I still maintain it's ironic that a fork developer is complaining about forks of his fork. This statement is baffling but I suppose it comes from a proprietary mindset where copying is theft:
If these are forked, my hundreds of hours will have been wasted.
By this logic the decades of development time on Firefox is wasted because of this guy's fork.
They just open sourced the private repository 7 minutes ago, 2024-03-24T12:39Z
That's great. I edited the post title.
Can you edit the post to say why it is outdated? I was confused seeing the title.
Good idea.
just installed few week ago and now this.
Same here. this is upsetting :/ Back to firefox I guess
The "open sourced" private components repo is under a fauxpen source (non-commercial) license. Floorp is still proprietary.

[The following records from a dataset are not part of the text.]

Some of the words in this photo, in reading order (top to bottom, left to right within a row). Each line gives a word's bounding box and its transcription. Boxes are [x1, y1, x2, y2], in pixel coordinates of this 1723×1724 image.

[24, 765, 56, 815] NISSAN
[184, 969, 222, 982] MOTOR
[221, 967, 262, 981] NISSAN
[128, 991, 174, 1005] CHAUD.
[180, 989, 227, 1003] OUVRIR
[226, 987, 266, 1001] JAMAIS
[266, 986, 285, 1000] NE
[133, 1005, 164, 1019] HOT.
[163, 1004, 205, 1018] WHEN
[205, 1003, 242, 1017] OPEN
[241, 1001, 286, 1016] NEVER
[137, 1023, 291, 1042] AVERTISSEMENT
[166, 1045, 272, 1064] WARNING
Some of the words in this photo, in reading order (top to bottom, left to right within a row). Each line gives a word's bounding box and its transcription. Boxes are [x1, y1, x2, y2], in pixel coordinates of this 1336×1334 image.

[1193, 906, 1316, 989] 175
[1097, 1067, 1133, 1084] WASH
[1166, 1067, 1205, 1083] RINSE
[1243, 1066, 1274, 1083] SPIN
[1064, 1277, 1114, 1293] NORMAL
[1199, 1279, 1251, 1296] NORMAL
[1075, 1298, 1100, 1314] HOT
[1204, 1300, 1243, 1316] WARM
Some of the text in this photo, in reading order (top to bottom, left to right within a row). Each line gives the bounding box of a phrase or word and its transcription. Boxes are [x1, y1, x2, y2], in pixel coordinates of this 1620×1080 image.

Not proprietary, but source-available.
source-available.
Ergo, proprietary.
edit: my prior comment on the difference between fauxpen source and true free software licenses. It's not just theoretical or "purist"
I kinda like the name, actually.
If y'all are mad about this, look into Midori. It's a fork of florp and I think it's better, too.
From the website:
With Midori Browser you can browse the web with complete confidence and an advanced tracking blocker.
Then the next paragraph states:
Cryptotoken: To reward our users, we are organizing an initiative a Token to give users to use our products and services without tracking.
So it blocks tracking but adds more tracking, so users can buy some shitcoin to remove the tracking?
I'm glad that their forks of simple mobile tools didn't gain traction, then
Welp, I'll be damned then. Back to good ole Firefox then
Well that was an emotional roller coaster.